The AFC, Victoria’s top mixed martial arts organization and one of the most stable outfits in B.C., is aligning with Aggression MMA of Edmonton and AX Combat of Calgary under the new brand Aggression Fighting Championship.

It’s a deal with immediate benefits and a long-term goal to be Canada’s No. 1 MMA league, said Armageddon co-founder Darren Owen.

“We’re as big as we can get in Victoria. Now we can pool our resources and move into other cities across Canada,” he said. “

Working hand in hand with professional fighter Jason Heit, Owen, a former Victoria Rebels football player, spent years doing the heavy lifting needed to get Armageddon off the ground. Owen and Heit finally got the green light from Colwood in 2009 to begin hosting the “extreme fighting” events that the city of Victoria wouldn’t allow.

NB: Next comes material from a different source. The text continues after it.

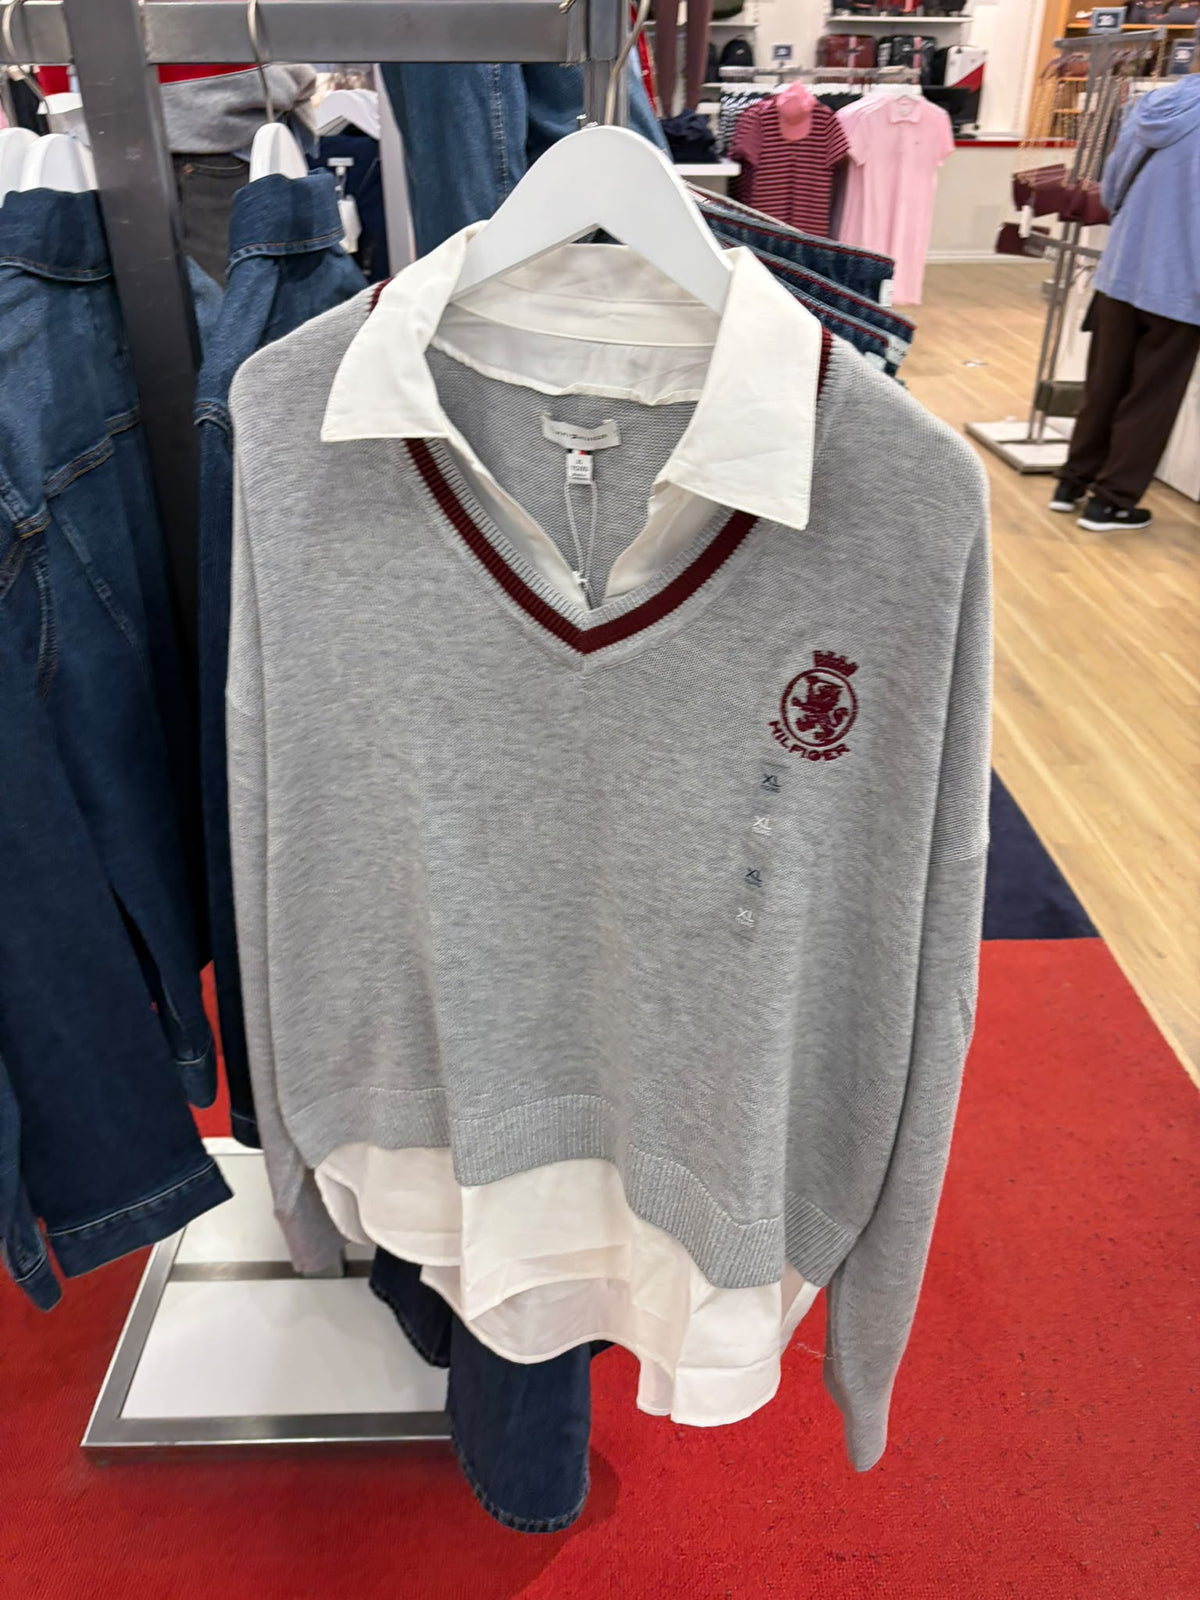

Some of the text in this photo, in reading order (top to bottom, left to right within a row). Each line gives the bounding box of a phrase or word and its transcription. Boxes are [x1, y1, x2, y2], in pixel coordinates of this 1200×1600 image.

This Saturday (April 14) is the eighth Armageddon show, but the merger won’t impact what fans see just yet. Vengeance still has a card built almost exclusively around Victoria- and Island-produced talent.

“Moving forward we’re going to become a national brand,” Owen said. “We’re trying to become the biggest MMA brand in Canada and attract the best fighters in Canada.

“(Once we reach that goal), the AFC title-holder will either be the best free agent fighter not in the UFC, or is Canada’s top fighter for that weight class.”

Going forward, the events will continue in numerical succession from AFC No. 8 this weekend, to AFC 9 in Edmonton on June 8 and AFC 10 in Calgary on June 15. (Coincidentally, Aggression just did their eighth show, while AX has only held two, so it’s the best compromise as the trio of brands become one.)

Branding is a key piece of the puzzle for the AFC’s success going forward, as the burgeoning organization seeks to be broadcast on TV.

“We feel we are closer now to the opportunity of securing a live TV deal, which is fundamental to our growth,” Owen said.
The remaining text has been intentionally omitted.